That day Craig talked to three other people, all of whom seemed to be in some degree of shock. The last was a woman who looked to be in her early sixties, wearing a bright paisley blouse and a wig of straight, styled black hair, although her eyebrows were gray. How, Craig wondered, had she managed to keep the wig with her through all the evacuating? They spoke at a table in a green-painted cinder-block common room inside, while several people watched a soap opera on the television. She filled him in sketchily on some background facts: she had been a schoolteacher, she was leaving the next day to stay with her brother in Indianapolis, she had raised five children at her house in the Lower Ninth Ward. She spoke in an educated manner, with a formality that Craig had heard before in black people of a certain generation.

“I am going to tell you something,” she said, regarding him across the coffee table. “This event is a tragedy for the country. Do you understand? It is not just a tragedy for our people, black or white, people from New Orleans. This is a tragedy for everyone in this country. This is the greatest country on earth, and if this is the best they can do then it is a shame on all of us. It is an embarrassment in front of the world.”

Craig took notes in his notebook as she watched him. “How old are you?” she asked him.

Craig stopped writing, smiled a little, looked at the woman. “I’m thirty-six.”

“You’re not old enough to remember Martin Luther King.”

Craig chuckled, self-effacingly, said, “No, but I certainly know his story and his speeches.”

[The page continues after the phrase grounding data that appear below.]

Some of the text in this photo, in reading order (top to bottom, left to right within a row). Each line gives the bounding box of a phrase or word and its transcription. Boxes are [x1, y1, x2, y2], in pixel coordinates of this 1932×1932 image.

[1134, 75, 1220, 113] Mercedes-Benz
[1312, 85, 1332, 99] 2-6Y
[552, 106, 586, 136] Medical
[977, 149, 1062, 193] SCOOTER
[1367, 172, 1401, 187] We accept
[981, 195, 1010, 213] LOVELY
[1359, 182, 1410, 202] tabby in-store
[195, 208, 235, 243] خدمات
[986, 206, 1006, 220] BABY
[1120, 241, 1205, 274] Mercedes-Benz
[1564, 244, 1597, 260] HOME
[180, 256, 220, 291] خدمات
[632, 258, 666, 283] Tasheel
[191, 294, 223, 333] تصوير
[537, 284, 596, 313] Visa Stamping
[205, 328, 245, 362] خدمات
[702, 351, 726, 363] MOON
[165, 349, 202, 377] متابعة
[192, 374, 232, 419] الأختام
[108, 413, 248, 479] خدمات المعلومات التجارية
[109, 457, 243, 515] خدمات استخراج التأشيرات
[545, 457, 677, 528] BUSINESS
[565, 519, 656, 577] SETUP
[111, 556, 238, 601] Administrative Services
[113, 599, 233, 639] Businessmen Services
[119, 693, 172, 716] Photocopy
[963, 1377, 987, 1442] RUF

The woman did not smile along with him. “I am a teacher,” she said. “I have taught young people for almost fifty years. I am seventy-four years old.” At Craig’s unfeigned look of surprise, she said, “Does that surprise you? I was born in 1931 during a rainstorm in Algiers, Louisiana. You know where that is. Right across the river from downtown. There was no bridge at that time; you took the ferry if you wanted to come to New Orleans. My parents raised me and my three brothers through the Great Depression and the Second World War, what they called Jim Crow times. I have seen many things come and go. We had to sit in our own place in the movie theaters, we could not go to the public pool, or the beaches by the Lake. But I have never seen a time this bad in our country. I am not just talking about this particular event of Hurricane Katrina. There was an aspiration toward something better that does not exist today.”

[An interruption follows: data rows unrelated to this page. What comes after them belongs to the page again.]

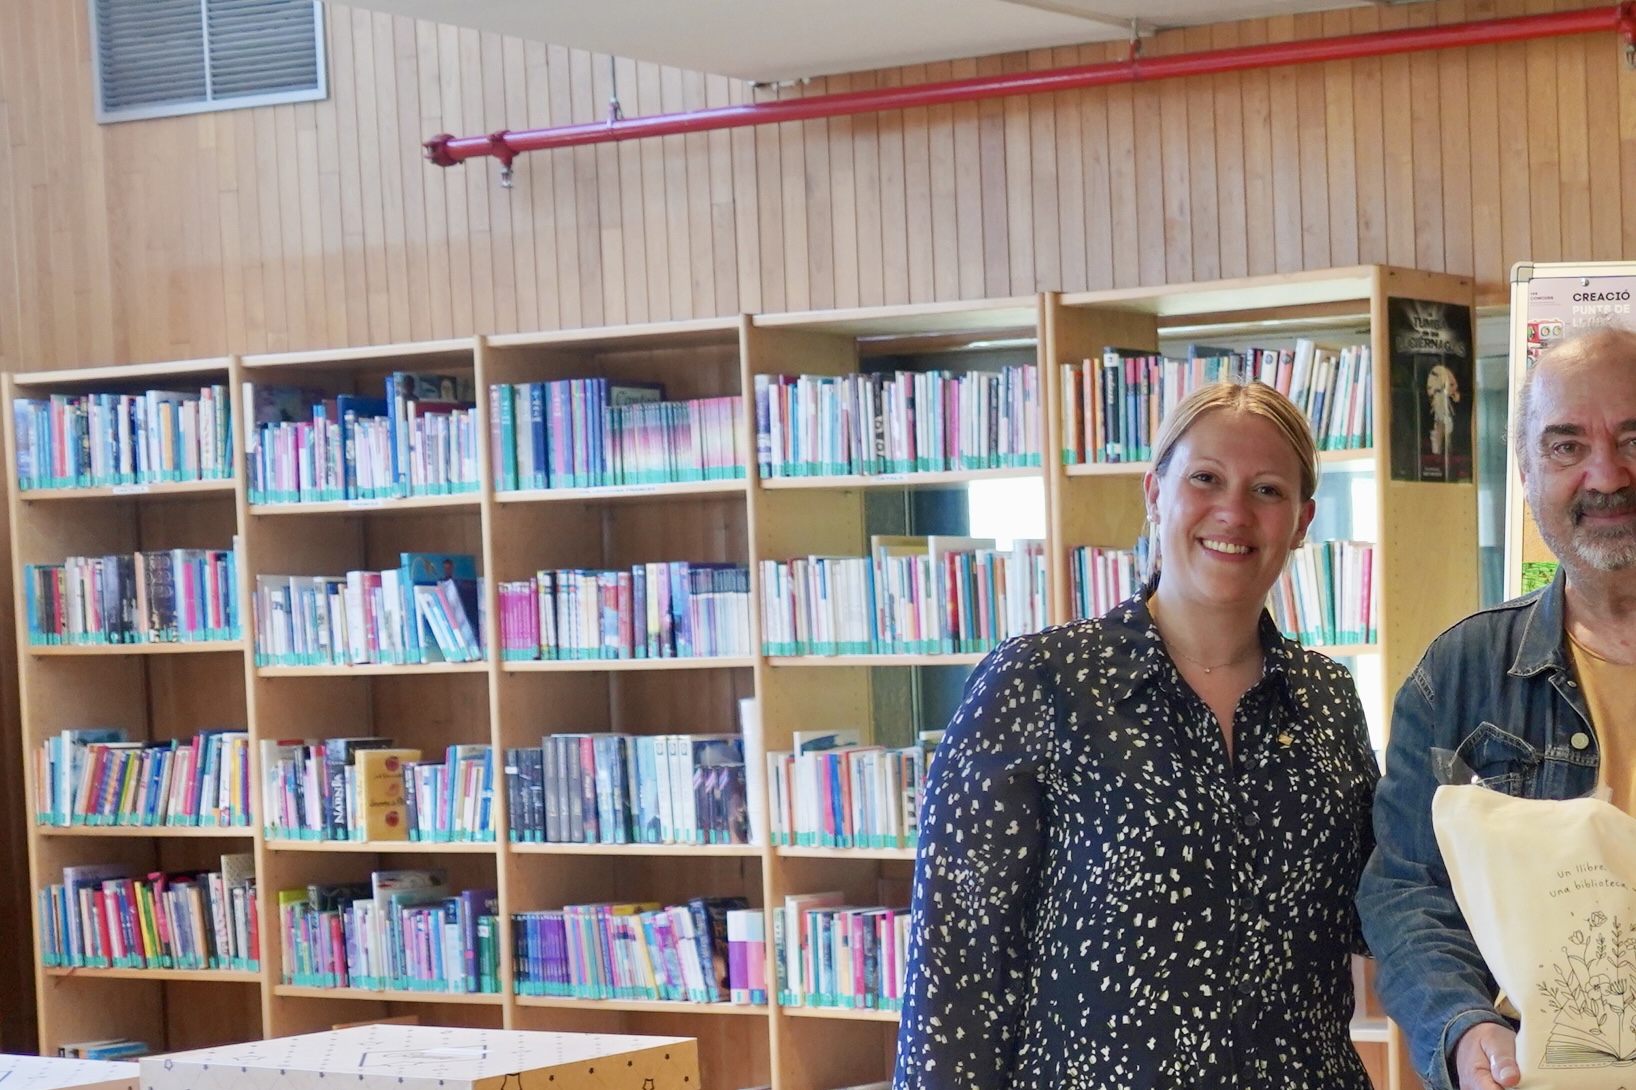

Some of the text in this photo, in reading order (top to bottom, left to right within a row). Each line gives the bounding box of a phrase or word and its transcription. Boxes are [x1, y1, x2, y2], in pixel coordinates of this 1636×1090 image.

[1572, 289, 1631, 302] CREACIÓ
[1572, 303, 1631, 315] PUNTS DE
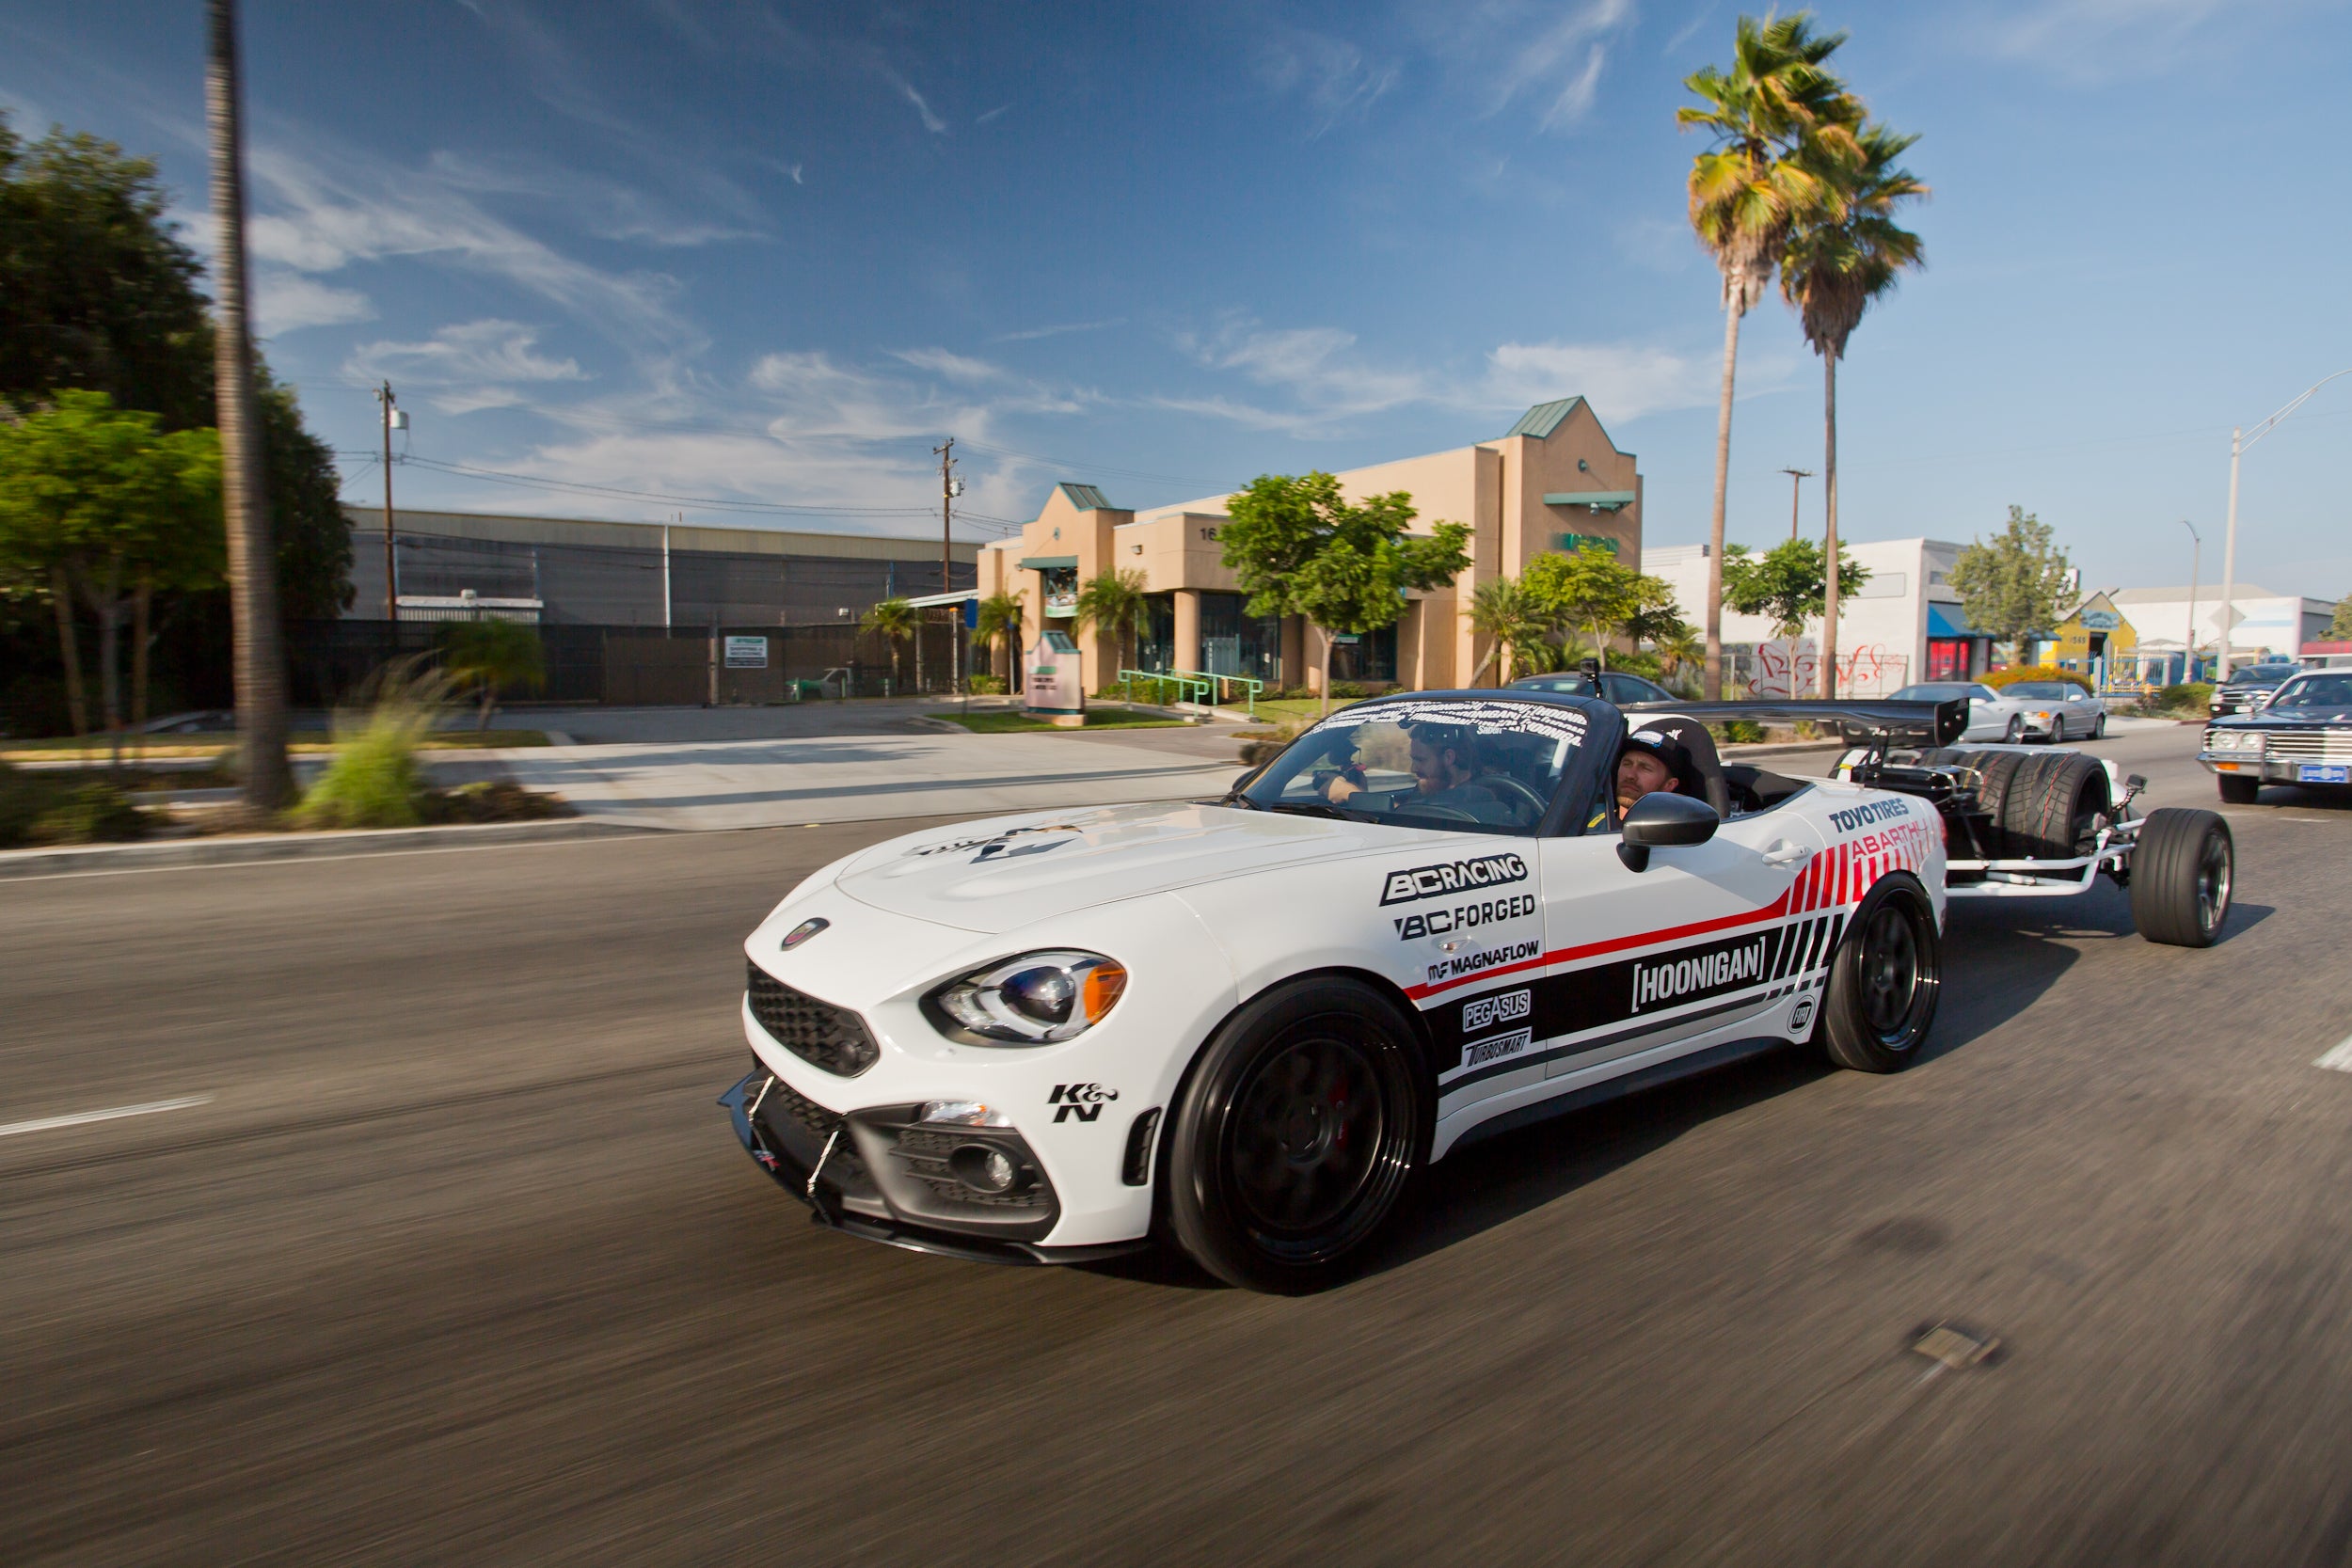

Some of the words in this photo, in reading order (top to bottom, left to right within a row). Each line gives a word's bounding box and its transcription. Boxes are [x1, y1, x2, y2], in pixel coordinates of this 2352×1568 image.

[1851, 820, 1920, 860] ABARTH
[1454, 894, 1535, 930] FORGED
[1452, 941, 1539, 975] MAGNAFLOW
[1466, 993, 1528, 1027] PEGASUS
[1792, 1006, 1811, 1024] FIAT
[1465, 1030, 1530, 1068] TURBOSMART

The woman’s sound was one Craig had heard on many occasions from older African-Americans—the formal diction, the essential seriousness, the indifference to making an impression—the gravitas—a word that Craig hated although he used it all the time. Listening to these people, usually older, he always felt exposed, as if his measure were being taken and he was being found wanting. What, after all, had he done to help things? He asked this woman, who gave her name as Mrs. Gray, where she had taught.

“Lawless High School, and then at McDonough 35 until I took my retirement. What people need to know is that there are schools in New Orleans with no books, with no light fixtures in some classrooms. Where there should be a toilet in the lavatory, sometimes it is only a hole in the floor. And no toilet paper; some children had
to bring their own toilet paper to school. I am telling you the truth. How are young people supposed to learn in such an environment? How are they supposed to feel that something is expected of them? School is a place where you learn values, and among them is the value of yourself as a part of a larger group. What are these conditions saying to our young people?”

“Do you see this as a function of racism?” Craig asked.

The lady regarded him with that look again, which he did not know how to read; it was not appraising, exactly. She seemed to be sifting, weighing, feeling the texture of his reactions and their timing, thinking, Which kind is this one? How far has he gotten; how much distance is there? How real was the concern? The tacit assumption was that white people with any grasp at all of what racism actually was, and how it worked, were as rare as albino elephants.

“It is not really just about racism,” she said, “as far as it goes. Our society has always faced racism. You notice I say ‘our society,’ because I don’t believe that racism affects only the people of color, as they call us now. The racism hurts the people who have it, also. I will explain it this way. When integration came many white people left the city of New Orleans because they did not want to have their children attending integrated schools. This, really, is where the collapse of the public schools started. But, now…these people who moved may have felt they were doing the right thing by their children, but look at what the long-term effect has been, with the increase in crime, and poverty and public assistance. As long as we are thinking about an ‘us’ and a ‘them’ we are thinking the wrong way in our society.” She stopped talking, and fixed him with the look again. Uncomfortable, he asked her in what part of town she lived.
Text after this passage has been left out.